I work to improve inclusion and welcoming environments through anti-harassment education and have developed Other Orb’s bystander intervention, trauma-informed responses, and other workshops. The bystander intervention workshop was originally aimed at improving the culture in scientific workplaces, but I have extended it to include all workplaces. I am currently developing the trauma-informed responses for leaders workshop in collaboration with several social workers who counsel individuals in treatment for various traumas.

When I returned to science, I also helped develop, propose, and (after selection), lead an education initiative called PLANETS (Planetary Learning that Advances the Nexus of Engineering, Technology, and Science).
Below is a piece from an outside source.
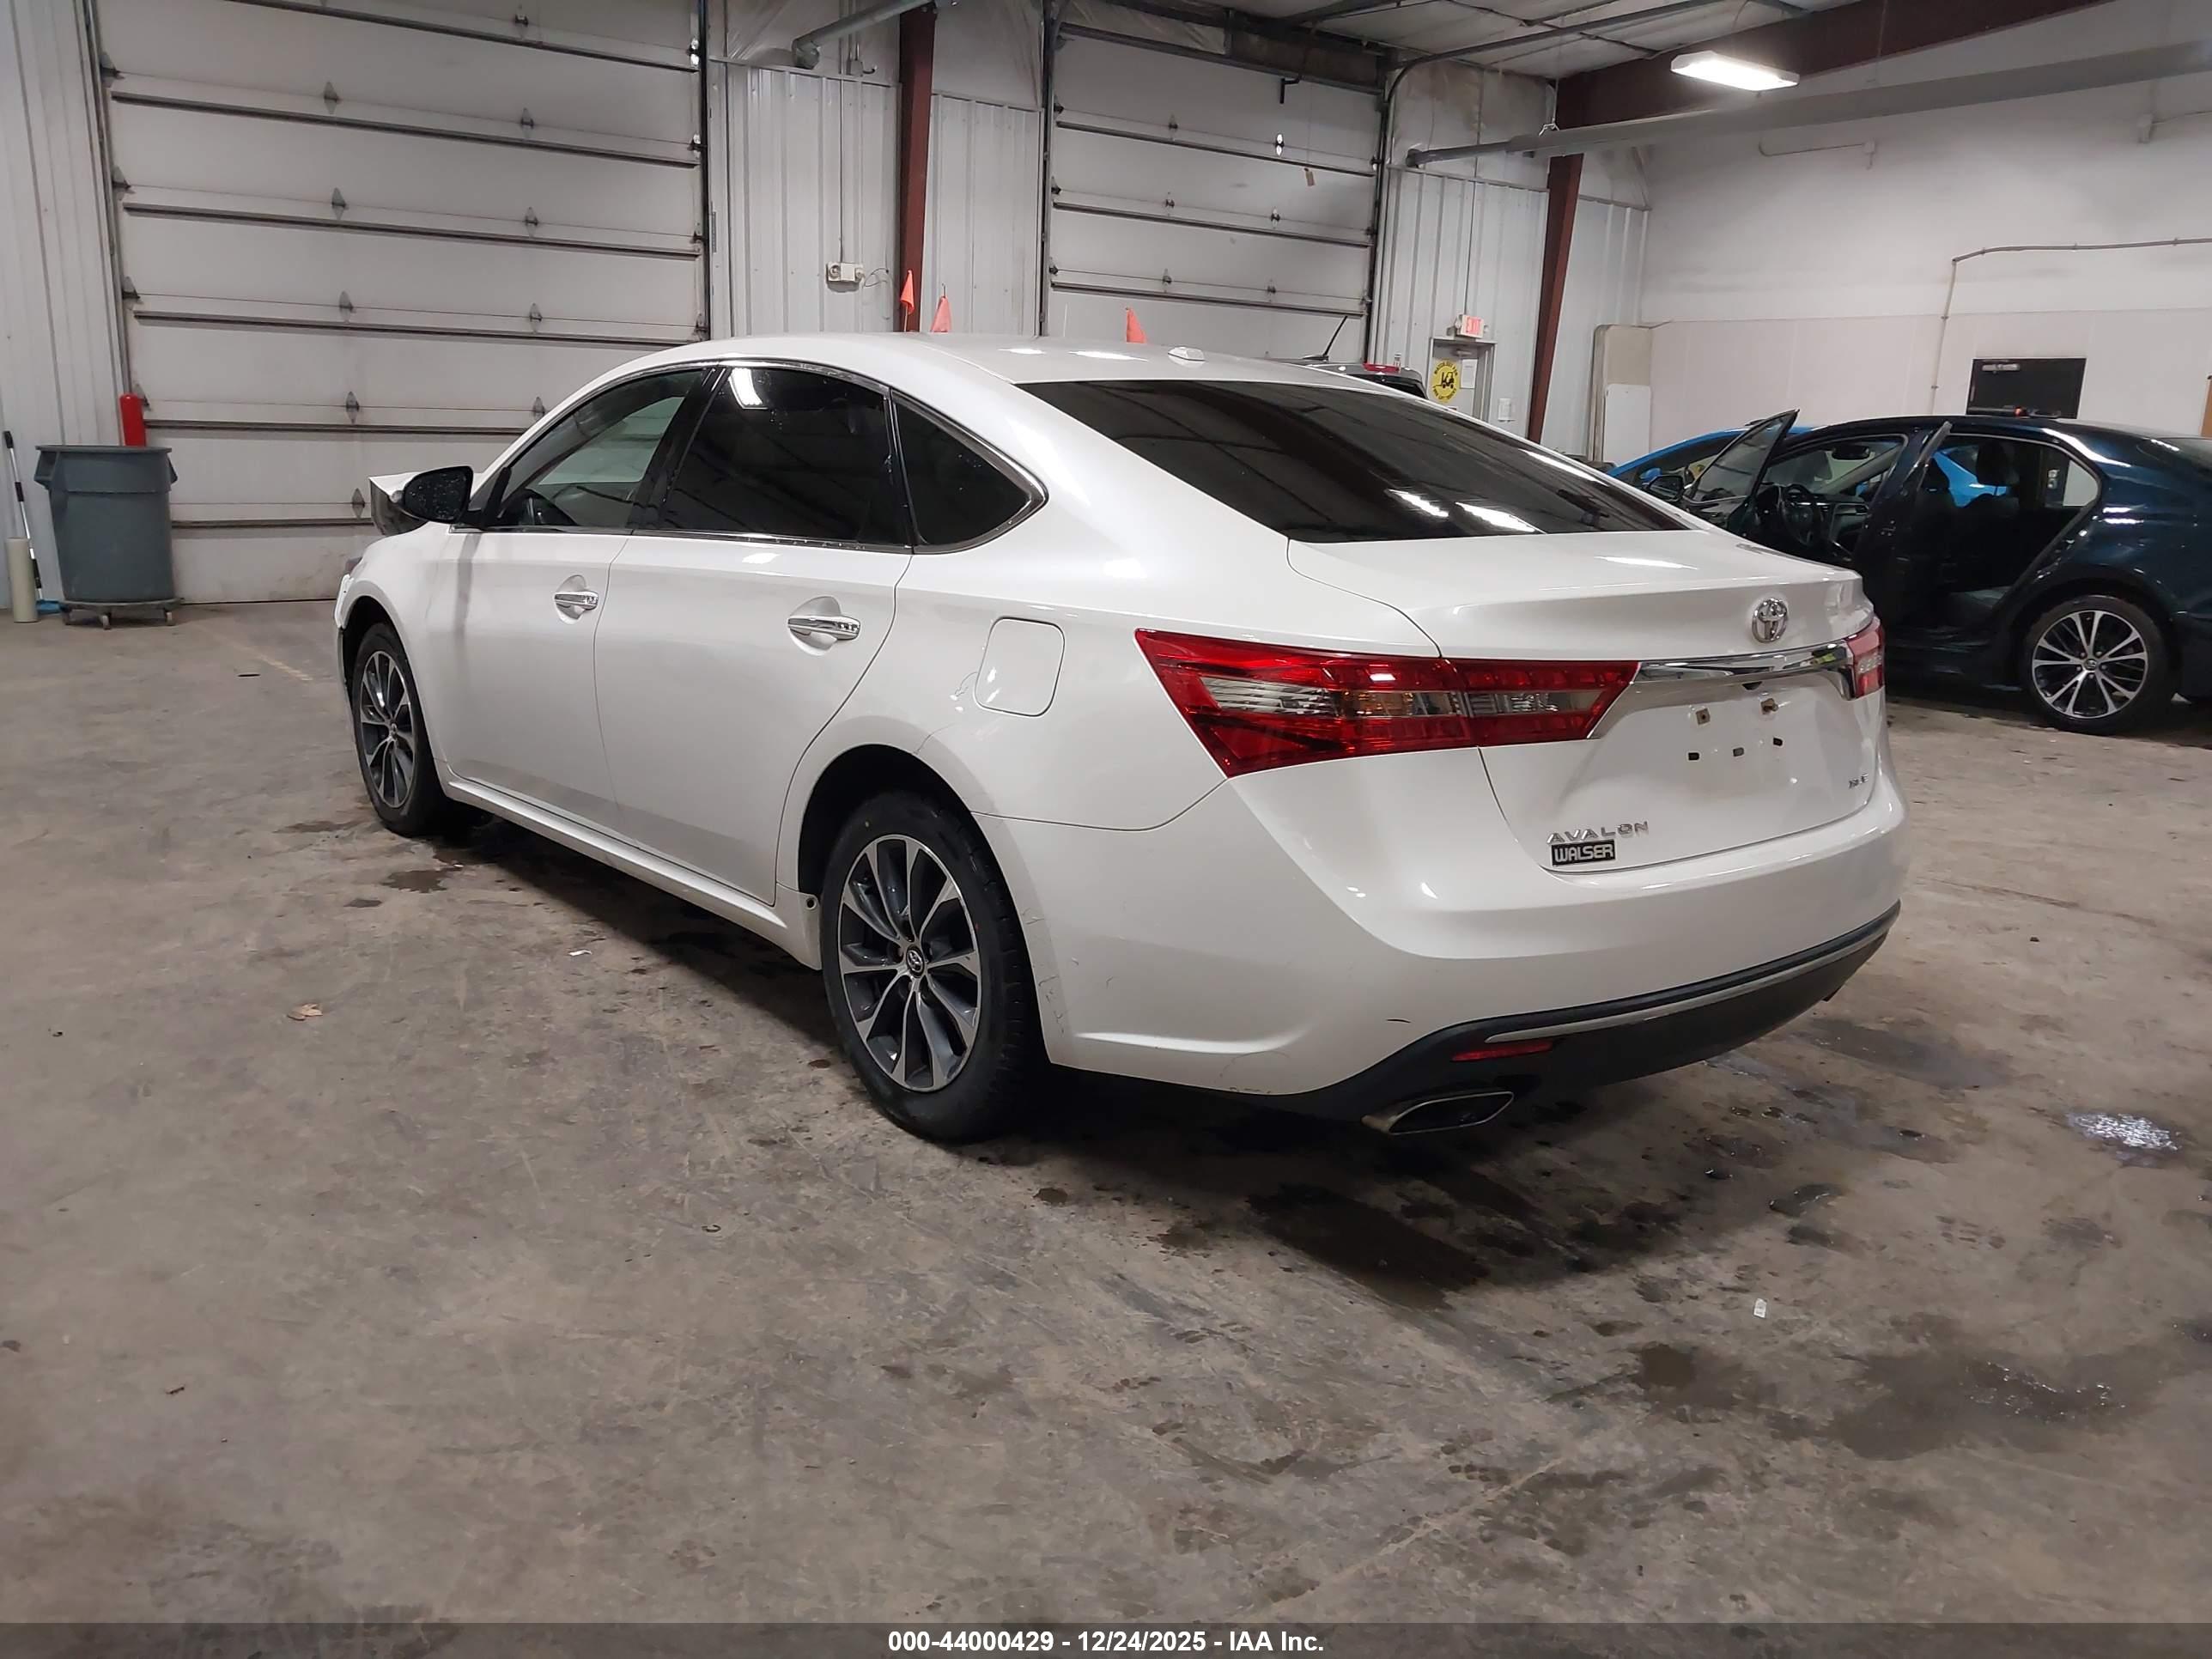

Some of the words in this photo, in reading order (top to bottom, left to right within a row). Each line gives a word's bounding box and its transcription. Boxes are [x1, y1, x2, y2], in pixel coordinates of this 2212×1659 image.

[1466, 316, 1482, 335] EXIT
[1547, 820, 1649, 844] AVALON
[1553, 843, 1614, 863] WALSER
PLANETS is an out-of-school-time planetary science, engineering, and exploration curriculum development project for middle- and elementary-school students. One of the major goals of PLANETS was to develop a model for curriculum development that includes as co-equal developers, from the very beginning, curriculum development experts (Museum of Science in Boston), educator professional development experts (Northern Arizona University, Center for Science Teaching, and Learning–also PI institution of the project), educators (distributed throughout the country), and planetary science subject matter experts (USGS Astrogeology Science Center).

As part of my effort to connect science, education, and inclusivity, I regularly attend events on several Native American Nations, including the Hopi Nation and the Diné Nation. At these events, I highlight my experiences growing up and attending school on the Diné Nation. I have also participated in a Navajo (Diné) Nation collaboration with NASA to present, side-by-side, a weaving of Earth and Planetary science stories with traditional stories about Dinétah (the traditional homelands of the Diné). This summer camp helps middle school students learn about the intricate weaving of the history of the Diné and the geological, climatological, geophysical history of their lands.
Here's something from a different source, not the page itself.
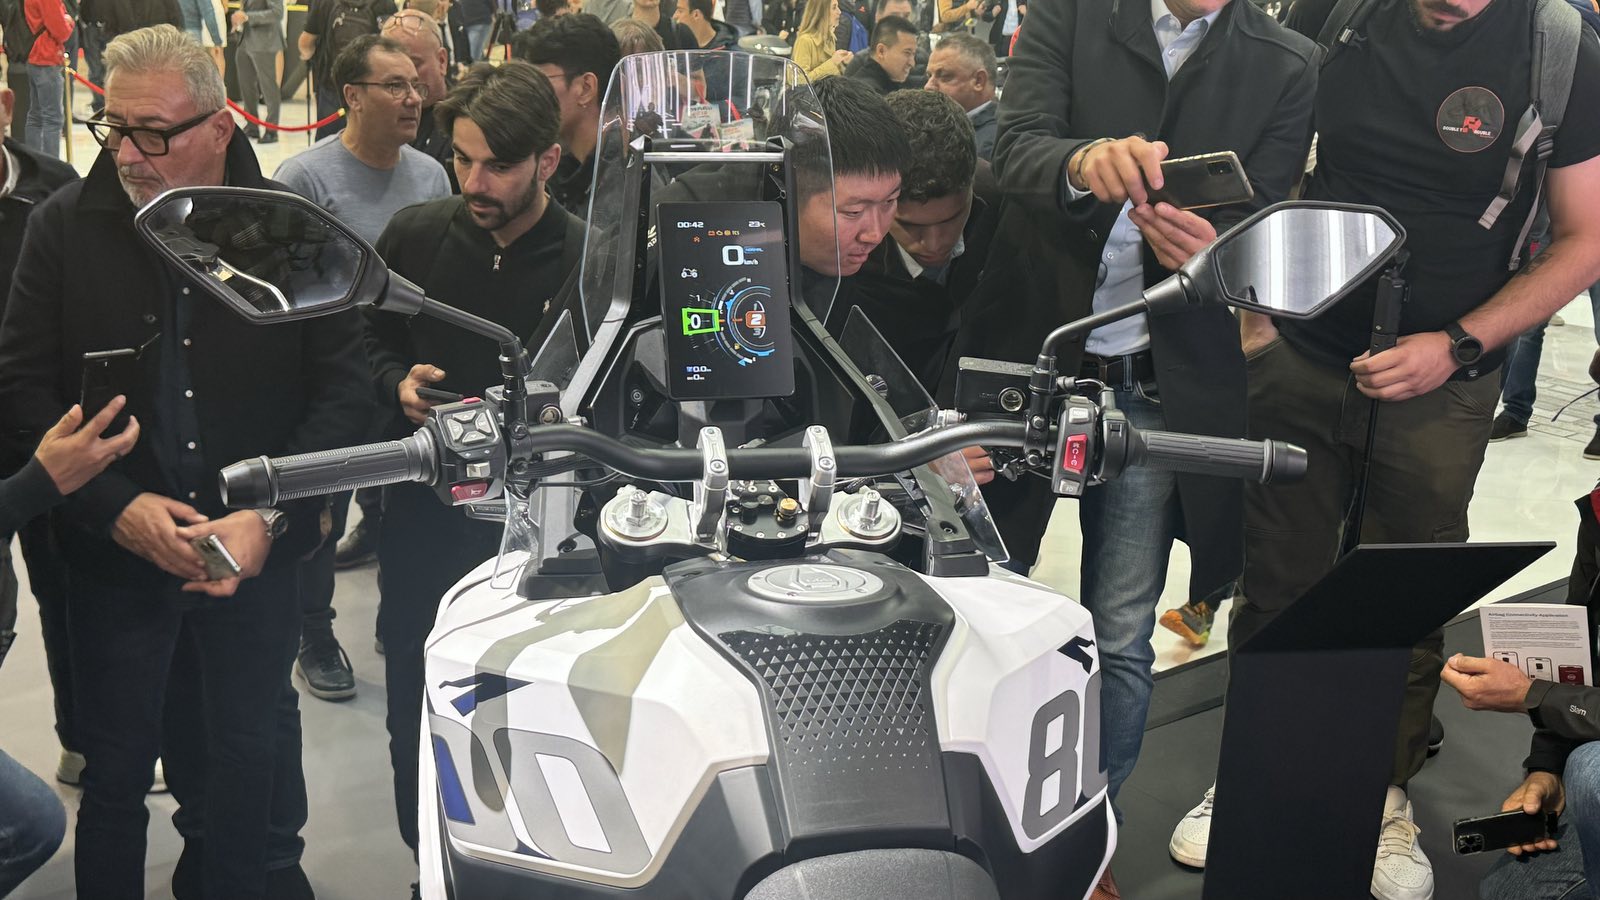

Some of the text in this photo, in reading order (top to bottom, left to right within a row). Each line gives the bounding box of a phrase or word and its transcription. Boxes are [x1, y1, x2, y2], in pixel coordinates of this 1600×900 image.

Recently I have worked with the OSIRIS-REx Image Processing Working Group to better understand the OCAMS instrument suite and to help better calibrate the image data for use in scientific analyses. I also develop software and procedures to process images of Jupiter’s moon, Io taken by the Galileo spacecraft. I then process these data for inclusion in a global geologic map of Io. And I continue to work with the HiRISE Calibration team to fully understand the instrument’s performance and to improve calibration and scientific usefulness of its images.

In addition to image and data processing and science, I regularly provide bystander intervention workshops, participate in inclusivity, education, and diversity workshops, help research and write white papers, and other efforts, including NASA PSD’s new Equity, Diversity, Accessibility, and Inclusion Working Group (EDI WG).